The vulnerability is an “Insertion of Sensitive Information Into Sent Data” flaw in the WordPress plugin Shortcodes and extra features for Phlox theme auxin‑elements. An attacker who can exercise the plugin’s functionality can cause the plugin to embed sensitive data into outgoing responses, giving the attacker the ability to read protected information that should not be exposed to the public. This flaw impacts confidentiality and can expose confidential site data such as stored API keys, database credentials, or other configuration secrets that the plugin stores or references in its content structures.

The issue affects the WordPress plugin Shortcodes and extra features for Phlox theme auxin‑elements, specifically all released versions up to and including 2.17.15. The vendor is averta, and the plugin is commonly installed in WordPress sites using the Phlox theme. Sites running any of these affected versions are potentially vulnerable.

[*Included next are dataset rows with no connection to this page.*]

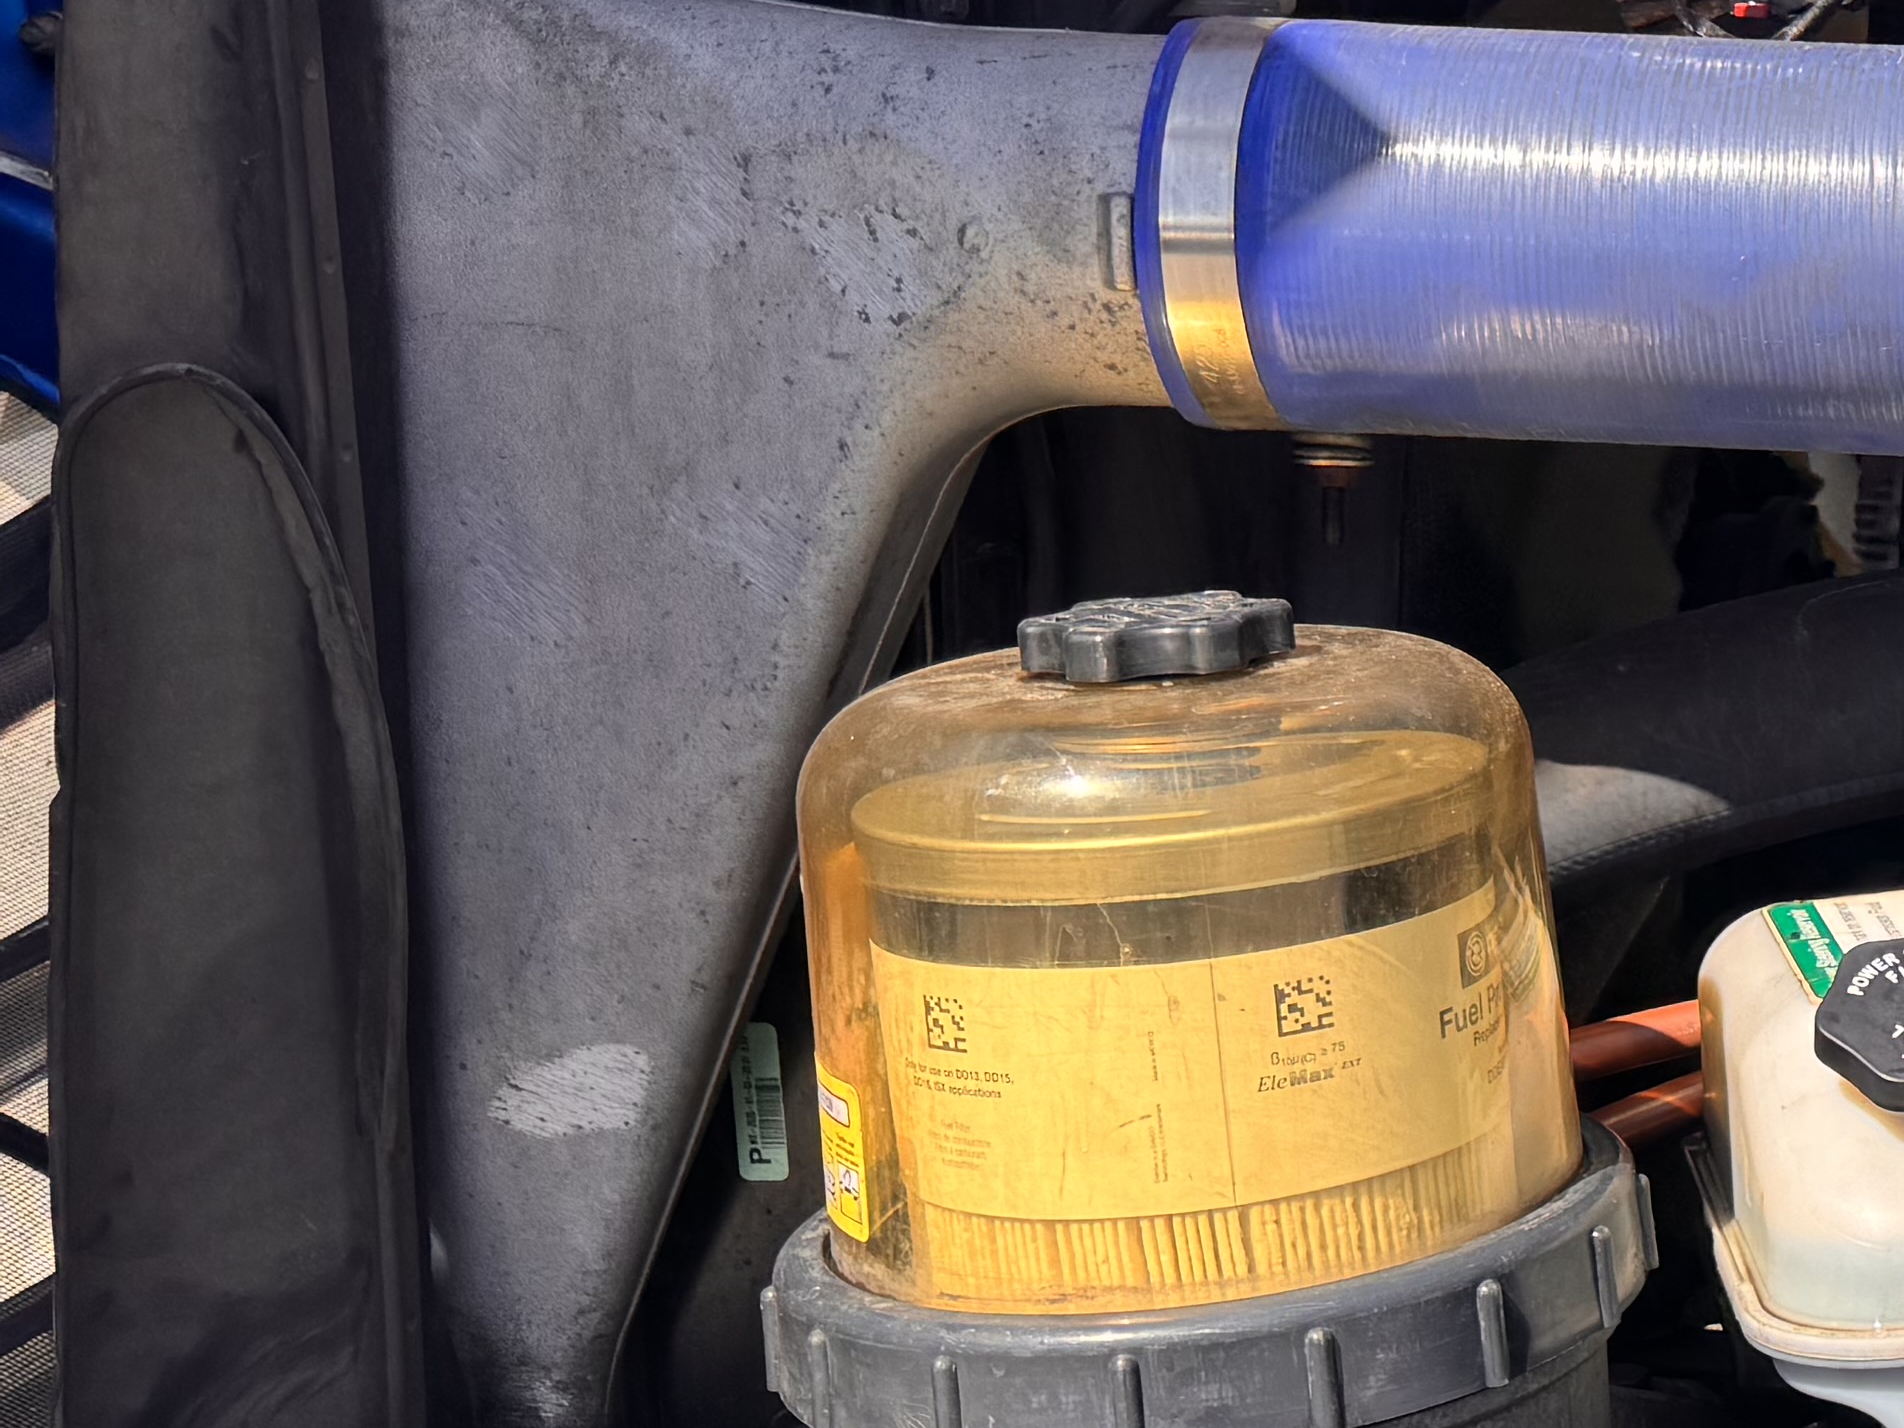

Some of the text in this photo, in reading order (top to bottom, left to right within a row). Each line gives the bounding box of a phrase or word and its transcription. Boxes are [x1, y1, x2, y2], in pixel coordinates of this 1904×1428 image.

[1847, 952, 1900, 996] POWER
[1439, 993, 1483, 1039] Fuel
[1331, 1040, 1346, 1053] 75
[1258, 1066, 1335, 1093] EleMax
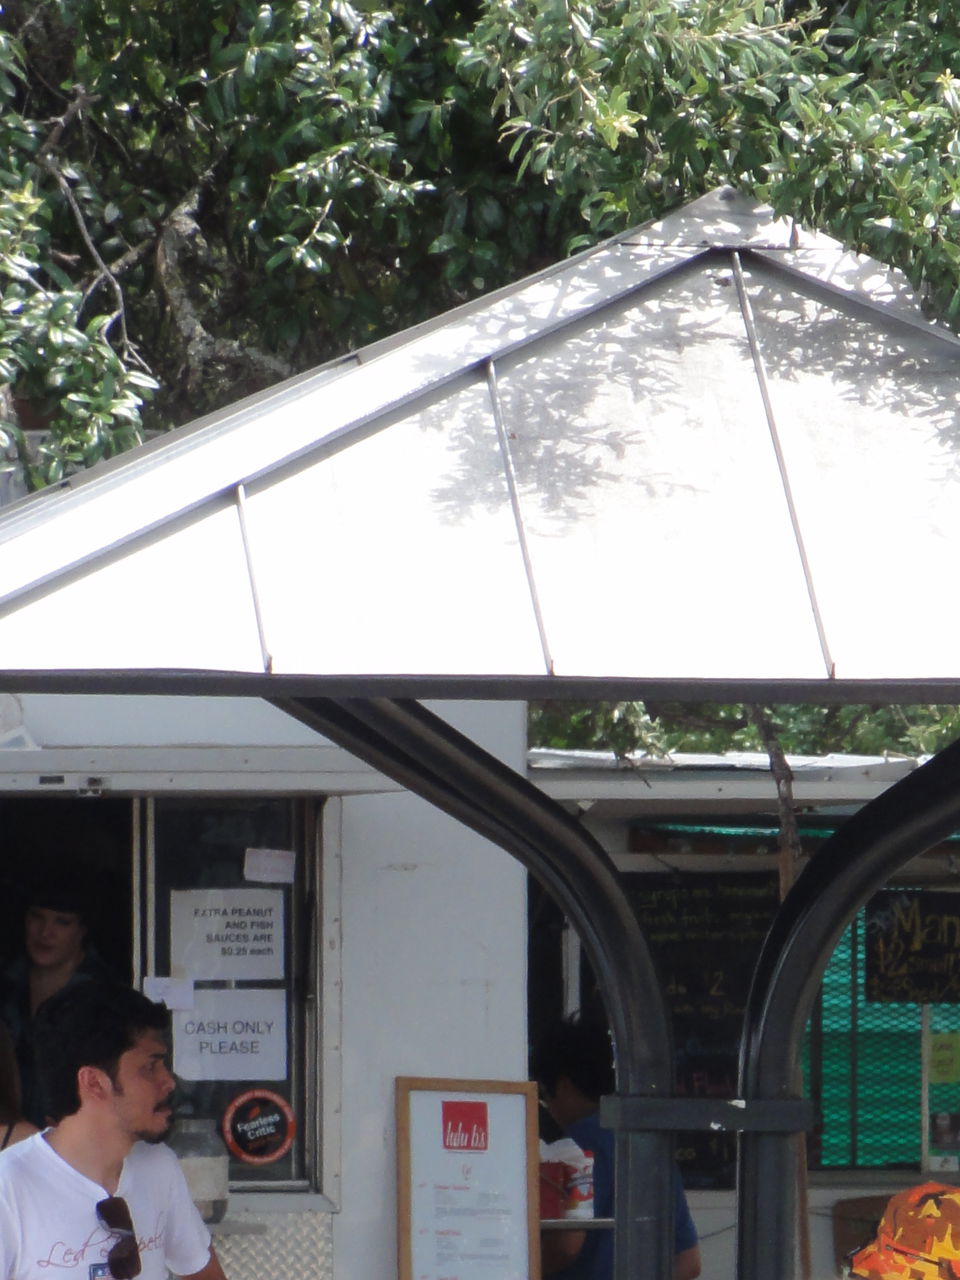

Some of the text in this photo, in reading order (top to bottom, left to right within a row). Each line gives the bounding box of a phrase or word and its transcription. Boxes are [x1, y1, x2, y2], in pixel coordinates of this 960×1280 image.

The CVSS score is 5.3, indicating moderate severity. The EPSS score is less than 1%, signaling that the overall exploitation probability is low; the vulnerability is not currently listed in the CISA KEV catalog. The likely attack vector involves a remotely-controllable request to the plugin, often via a public endpoint or shortcode rendering, enabling retrieval of hidden data. While the exploitation does not provide access to arbitrary code execution or privilege escalation, the exposure of sensitive data can lead to significant damage, especially if the leaked information is valuable or if an attacker follows up with further attacks.